Hoffman presently has approximately forty clients with active cases, mostly criminal and child protective cases and some family matters. Such matters require regular attention to keep up with court obligations. Any period of suspension to be served would disrupt and delay those cases, impacting not only Hoffman’s clients, but others involved as parties, children, witnesses, victims, etc. Thus, any suspension to be served cannot be considered lightly, and should be imposed only if necessary to protect the public, or Hoffman’s clients, or to assure that Hoffman remedies any professional, ethical or personal issues that led to the disciplinary proceeding before he resumes practice.
Here, Hoffman appears to have successfully addressed the issues that led to the disciplinary proceeding. He is actively and with respect representing clients in his practice. He has protocols in place to address his medical, mental health and professional issues, and those protocols have been tested and they have worked. Further, in this Order the Court can impose conditions to assure monitoring, support, and professional accountability for Hoffman’s professional conduct for a considerable period of time. Thus, the suspension that the Court imposes will be suspended. At this point, the Court incorporates by reference into this order the statement it made at the conclusion of the hearing on September 27, indicating the sanction it would impose.
4. Sanction Order
Upon consideration of the parties’ respective sanction recommendations and the evidence and arguments presented, the Court imposes the following sanction:
Attorney Hoffman is suspended from the practice of law for two years, with all of that suspension being suspended from implementation at this time.
Hoffman shall continue to comply with all terms and conditions of his MAP contract and shall continue to be under a MAP contract for the next five calendar years. He shall be subject to such random mental health, medicinal, drug(s) or related testing as deemed appropriate by the MAP Director.

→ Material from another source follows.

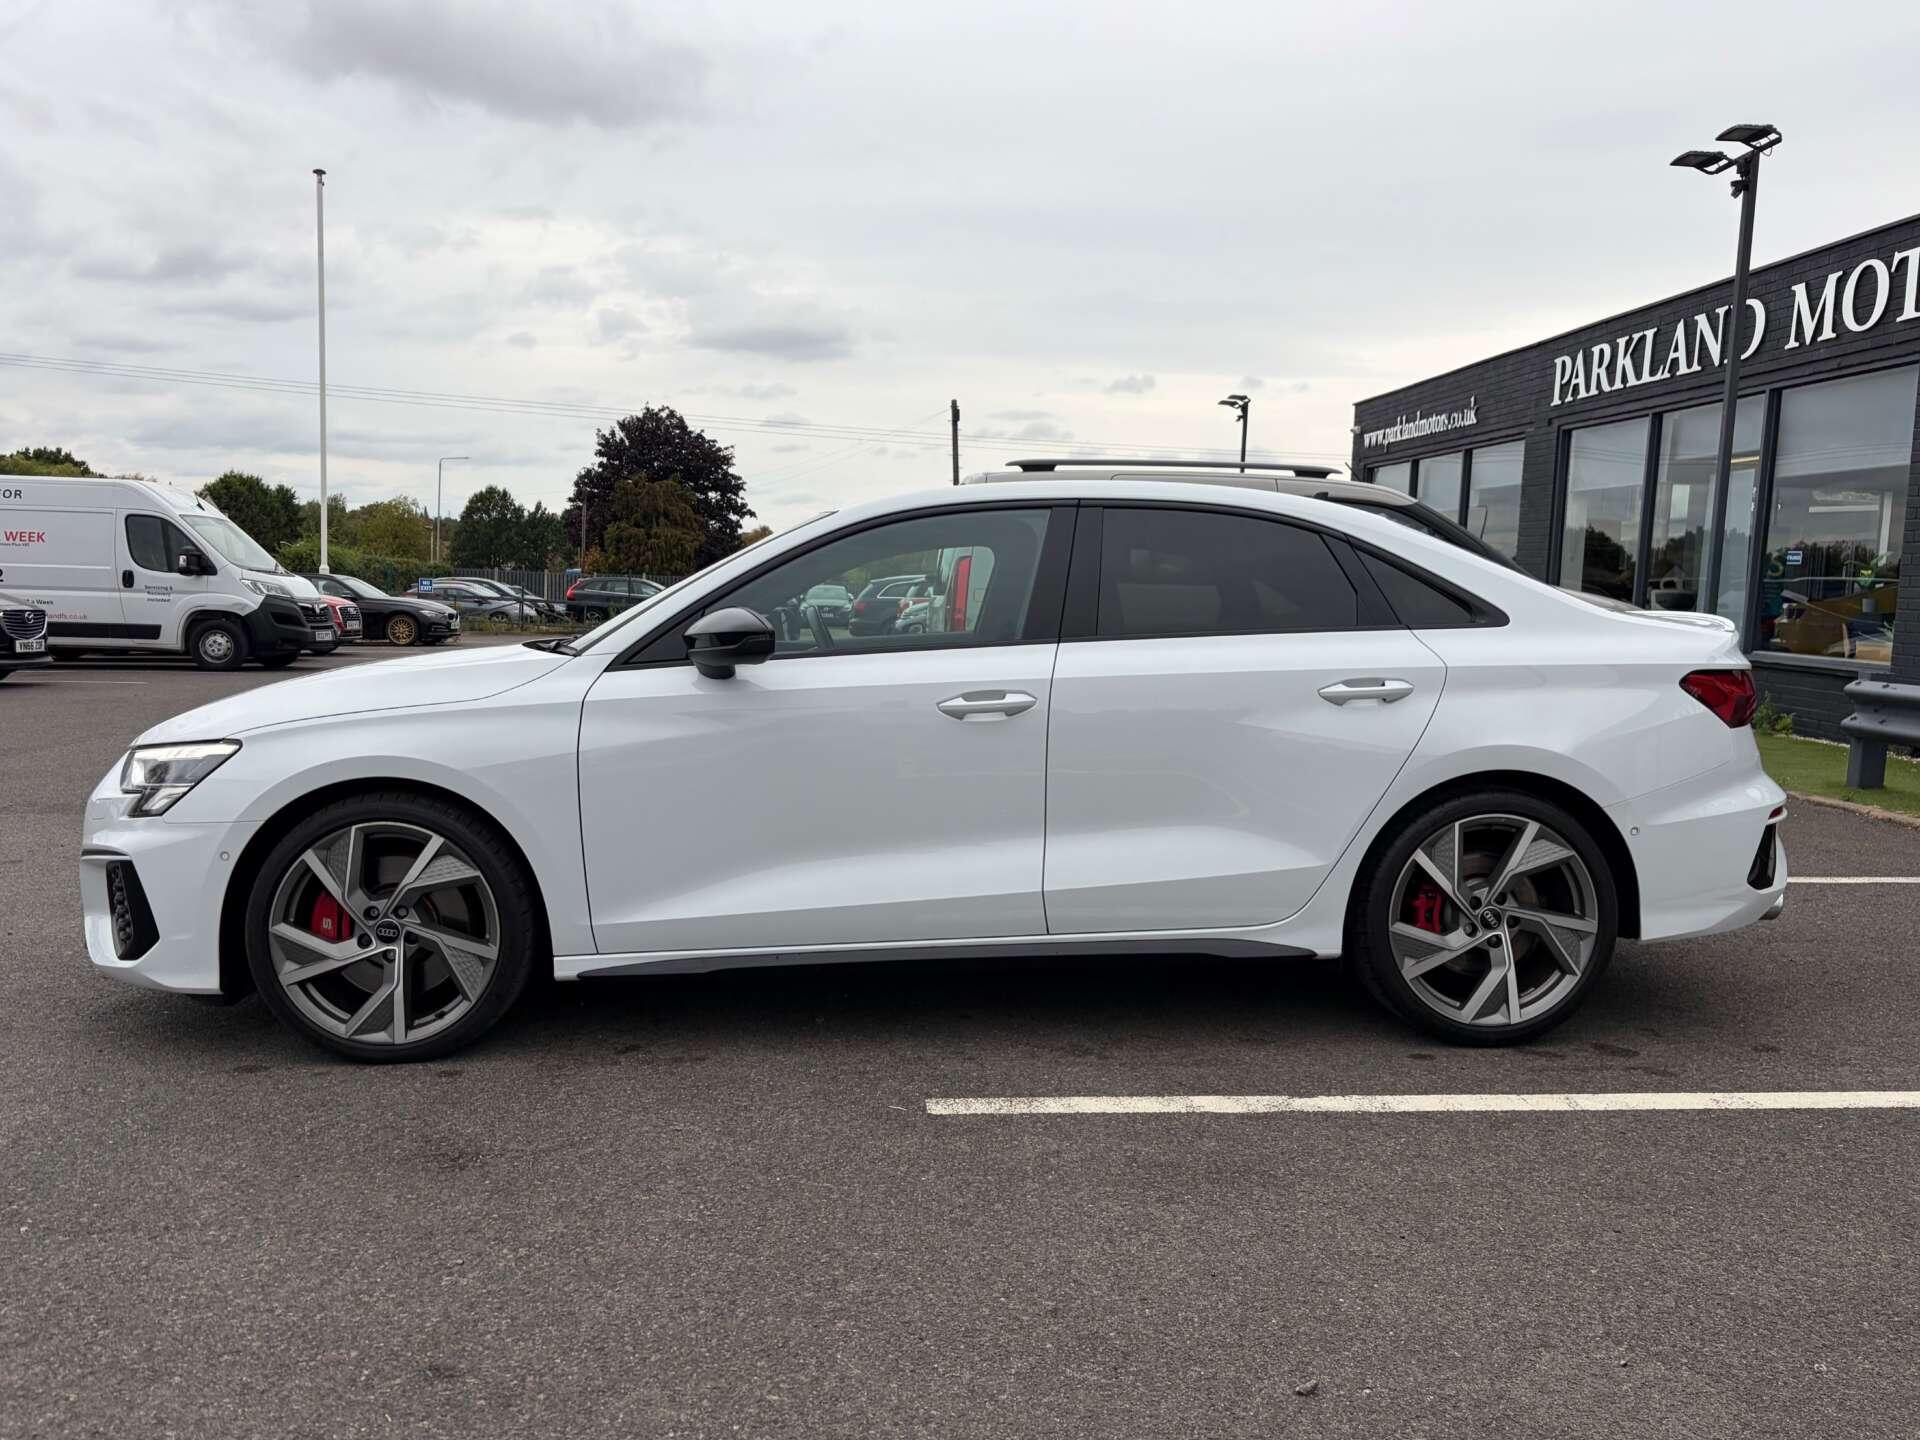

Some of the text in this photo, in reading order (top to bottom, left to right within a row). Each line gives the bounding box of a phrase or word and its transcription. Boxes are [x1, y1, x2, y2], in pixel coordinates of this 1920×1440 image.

Attorney Hoffman shall submit his practice to monitoring for two years or longer if the Court or the Monitor deems it necessary. The Court Appointed Monitor is Attorney Margot Joly of Wilton, Maine. The terms and requirements of that Monitor’s service are set forth in a separate monitoring agreement that has been agreed to, and is to be executed and signed by Hoffman. The signed monitoring agreement, consistent with the draft that the Court has reviewed, but with a two year monitoring period, shall be filed with the Court by October 10, 2013.
If Attorney Hoffman commits any apparent violation of any of the conditions of this Order, Bar Counsel may proceed by way of contempt to request that the Court impose the suspended portion of this sanction.
Within the first six (6) months of the suspended suspension period, Hoffman shall attend in person and complete a seminar or similar educational symposium and/or course consisting of at least four (4) continuing legal education credit hours that has been pre-approved by Bar Counsel which focuses on the stresses of a law practice and how to manage all such stresses reasonably. Hoffman shall submit proof of completion of the course to the Board within one month of the date of completion of the course.
If, after the effective date of this Order, a grievance complaint against Hoffman is received by Bar Counsel or Bar Counsel becomes aware of apparent misconduct by Hoffman that would normally warrant the initiation of an investigation under M. Bar R. 7.1(b), Bar Counsel may elect to file a new disciplinary proceeding directly before the Court pursuant to Bar Rule 7.2(b) without reference to the Grievance Commission pursuant to M. Bar R. 7.1(d)(e).